INSTRUCTIONS TO FOLLOW>
Copy out the data exactly, leaving the pictures behind.

# # #

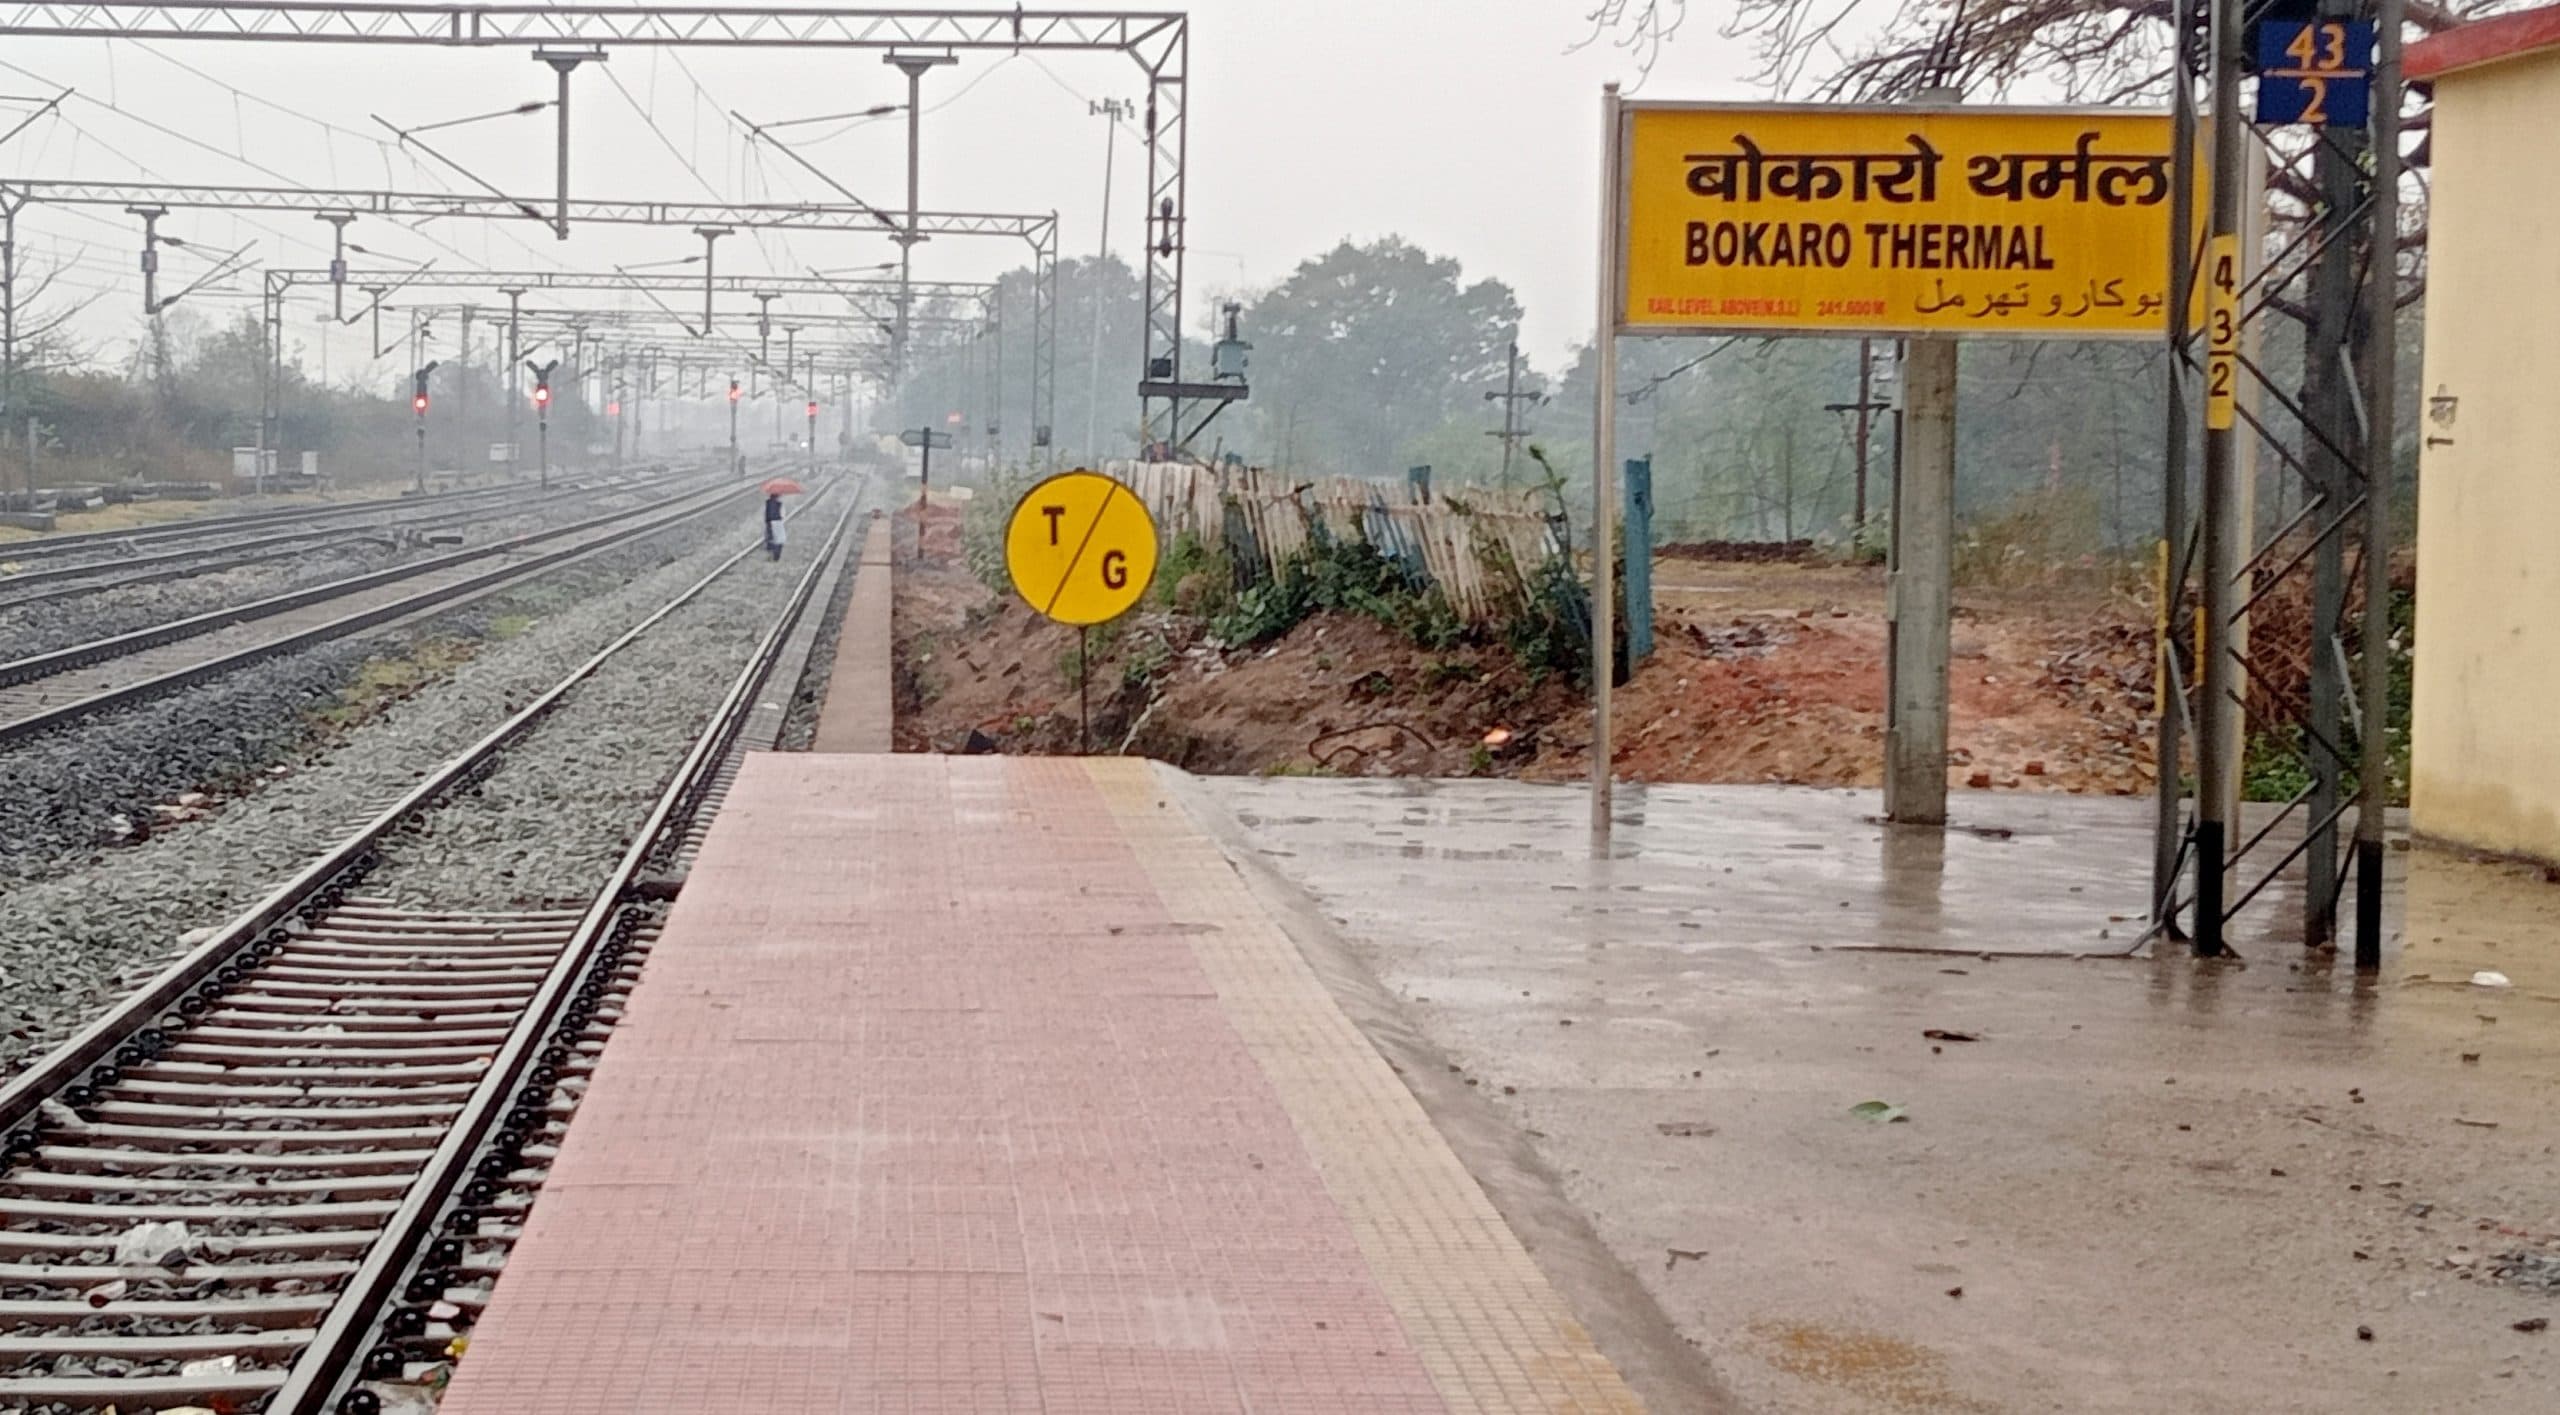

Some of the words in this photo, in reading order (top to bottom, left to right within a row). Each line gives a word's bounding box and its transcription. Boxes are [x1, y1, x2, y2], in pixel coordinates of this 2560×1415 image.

[2285, 23, 2345, 71] 43
[2299, 79, 2327, 123] 2
[1684, 133, 1944, 203] बोकारो
[1967, 131, 2170, 206] थर्मल
[1685, 221, 1851, 268] BOKARO
[1865, 223, 2054, 270] THERMAL
[1042, 505, 1067, 546] T
[1102, 550, 1128, 590] G

# # #

RESPONSE>
Some of the words in this photo, in reading order (top to bottom, left to right within a row). Each line gives a word's bounding box and its transcription. Boxes are [x1, y1, x2, y2], in pixel coordinates of this 2560×1415 image.

[2285, 23, 2345, 71] 43
[2299, 79, 2327, 123] 2
[1684, 133, 1944, 203] बोकारो
[1967, 131, 2170, 206] थर्मल
[1685, 221, 1851, 268] BOKARO
[1865, 223, 2054, 270] THERMAL
[1042, 505, 1067, 546] T
[1102, 550, 1128, 590] G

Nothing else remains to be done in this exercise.